Meta-heterogeneity cross talk found between properdin (complement factor P) N-glycosylation and C-mannosylation. As seen from the deconvoluted native mass spectra of properdin (top), diantennary N-glycoforms (A and B) co-occur with 11 to 15 C-mannosylations, while triantennary N-glycoforms (C–E) only co-occur with 15 C-mannosylations. In the properdin structure (bottom) (6RUS) (123) it can be seen that part of the C-mannosylation occurs in the same region as the N-glycan, making cross talk conceivable. One explanation may be that full C-mannose occupancy hinders the N-glycan from entering the protective pocket, thereby exposing the sugar for more extended modification by glycosyltransferases.
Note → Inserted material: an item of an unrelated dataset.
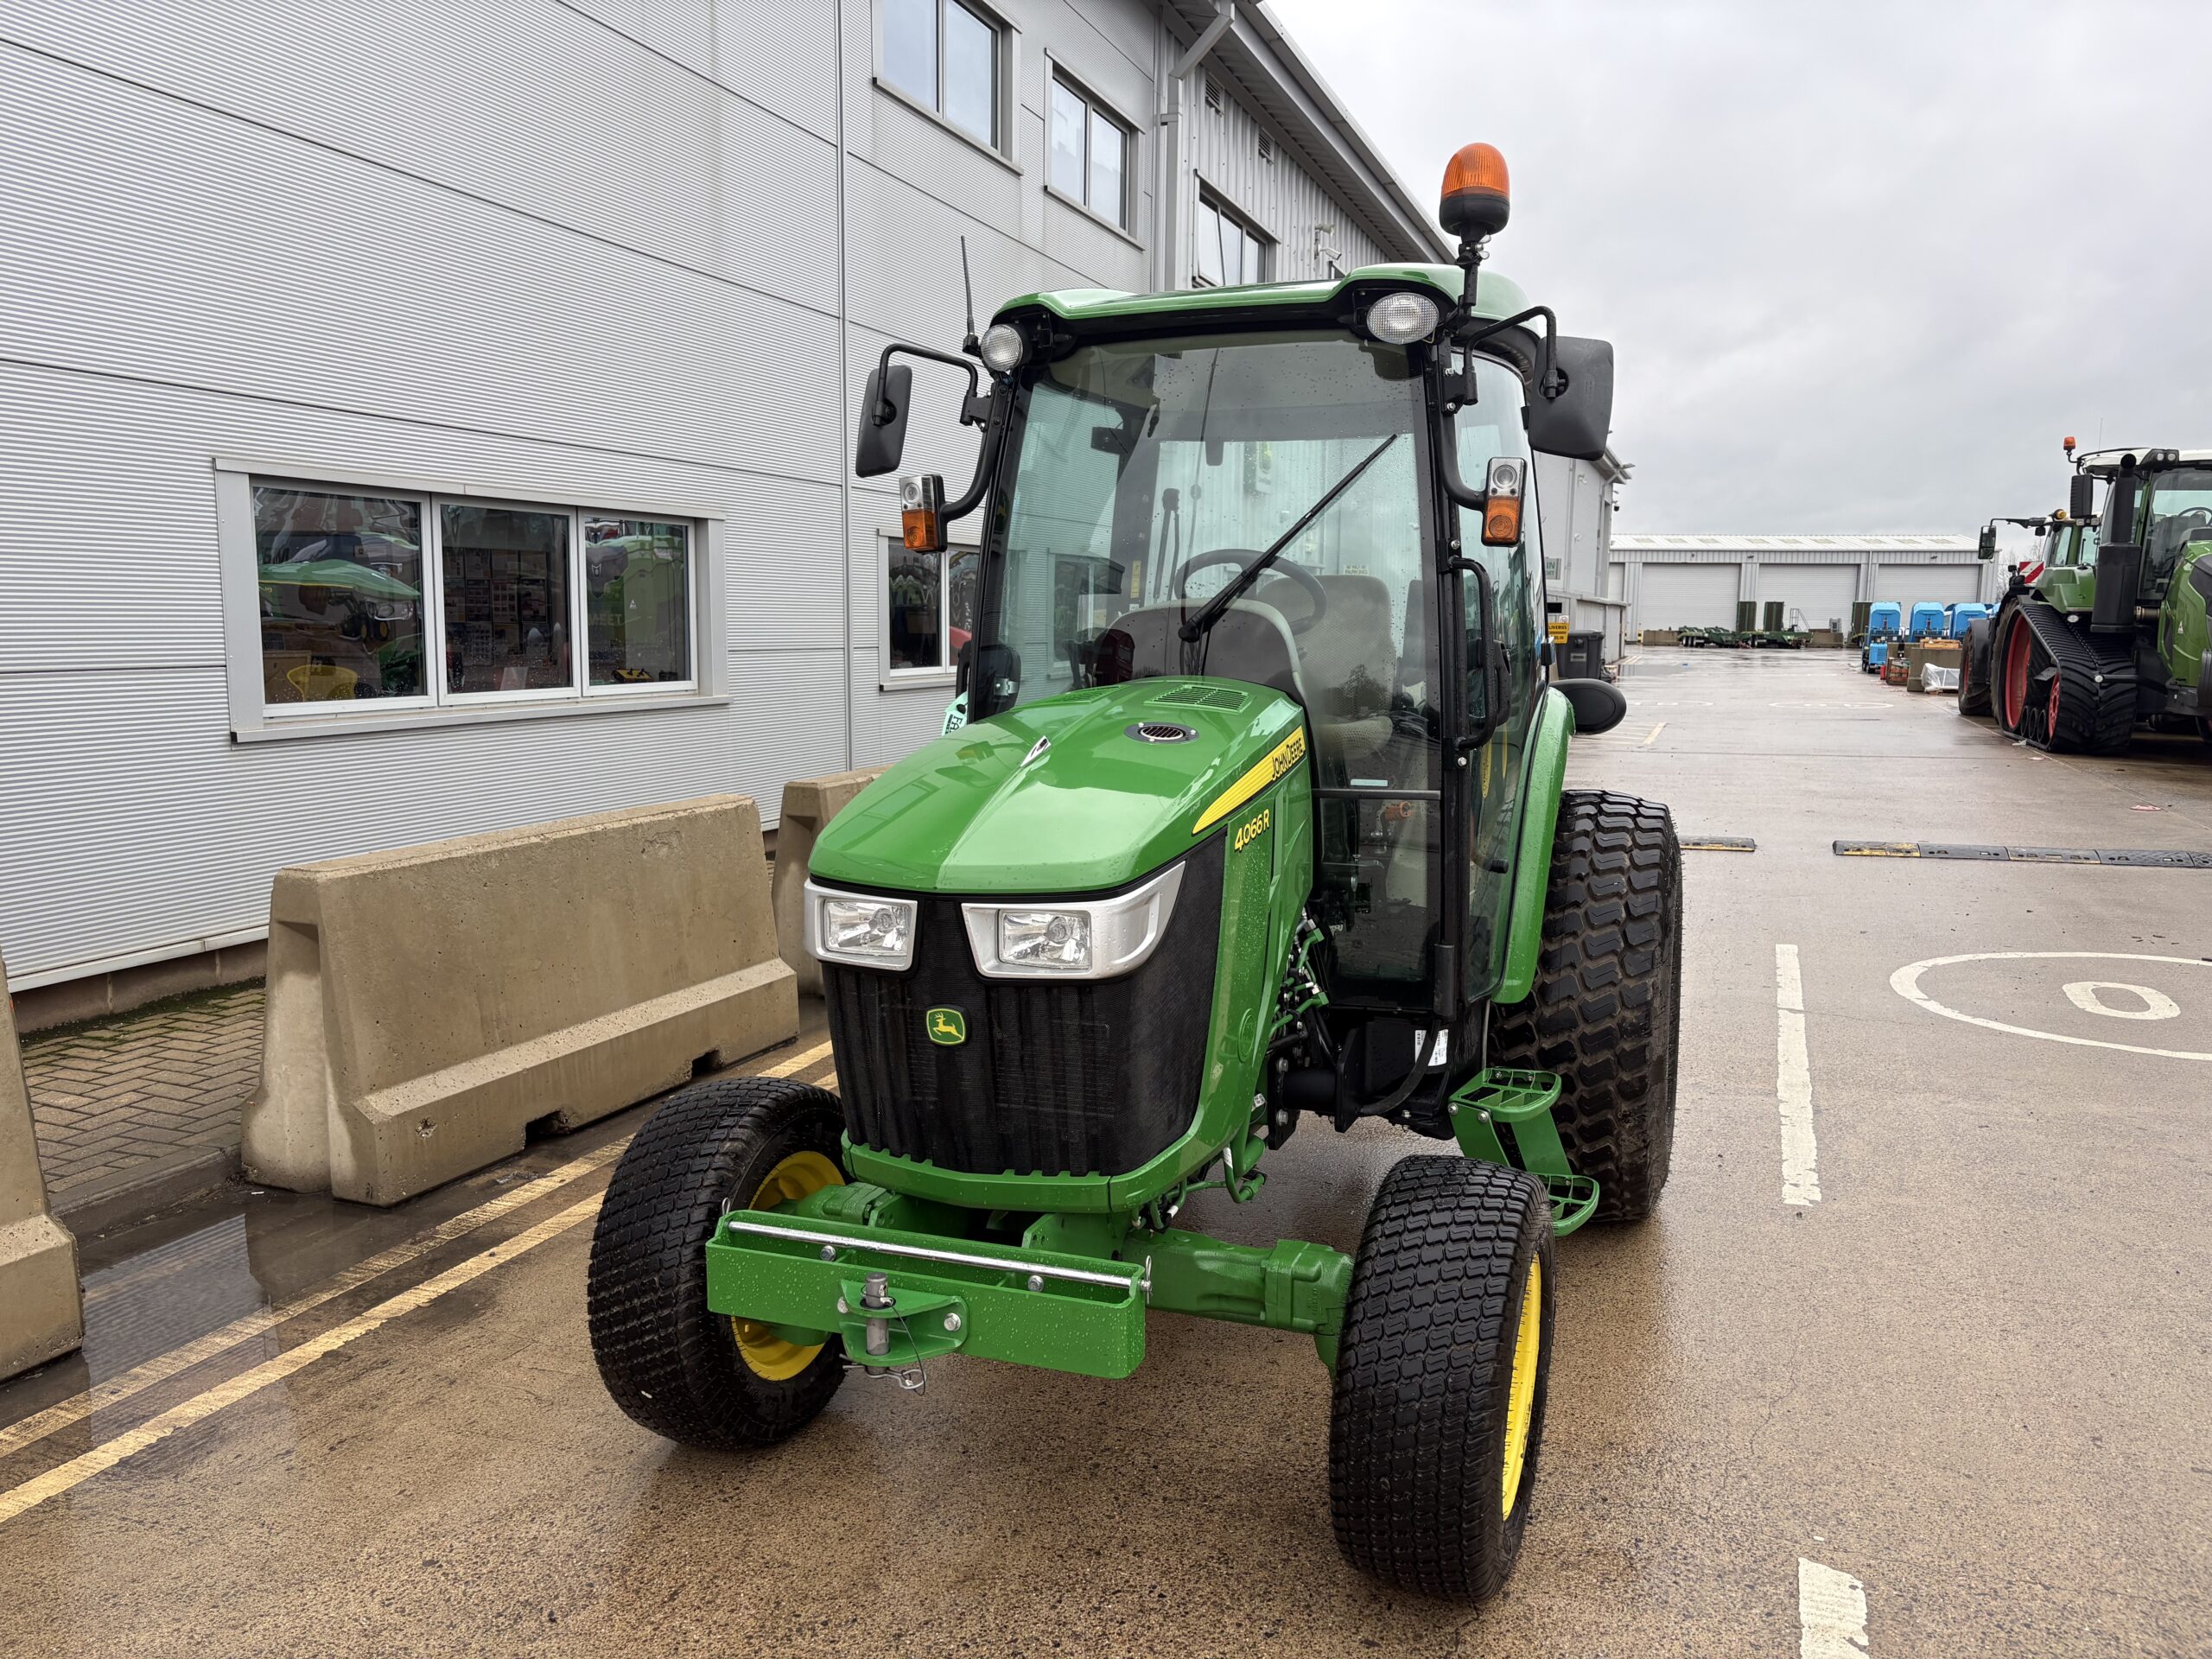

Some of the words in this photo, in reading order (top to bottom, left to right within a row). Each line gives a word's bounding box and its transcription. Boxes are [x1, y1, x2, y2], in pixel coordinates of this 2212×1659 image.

[1272, 750, 1289, 779] JOHN
[1287, 738, 1303, 764] DEERE
[1235, 809, 1269, 852] 4066R
Th mass spectrometric data were reused with permission from Bern et al. (122).

Fig. 5

Similarities and differences in glycan meta-heterogeneity between human and mouse myeloperoxidase (MPO). Human MPO (top left) is a highly meta-heterogenous glycoprotein with phosphomannosylation at Asn323, high-mannose species at Asn355 and Asn391, complex species at Asn483, and paucimannosylation/macro-heterogeneity at Asn729. Mouse MPO (top right) shows distinct differences in this meta-heterogeneity, for example, by carrying phosphomannose species at Asn329, Asn365, as well as Asn711. The structure of dimeric MPO (bottom) was generated from the human database (1CXP) (91) and shows representative glycosylation. The mass spectrometric data were reused with permission from Reiding et al. (90).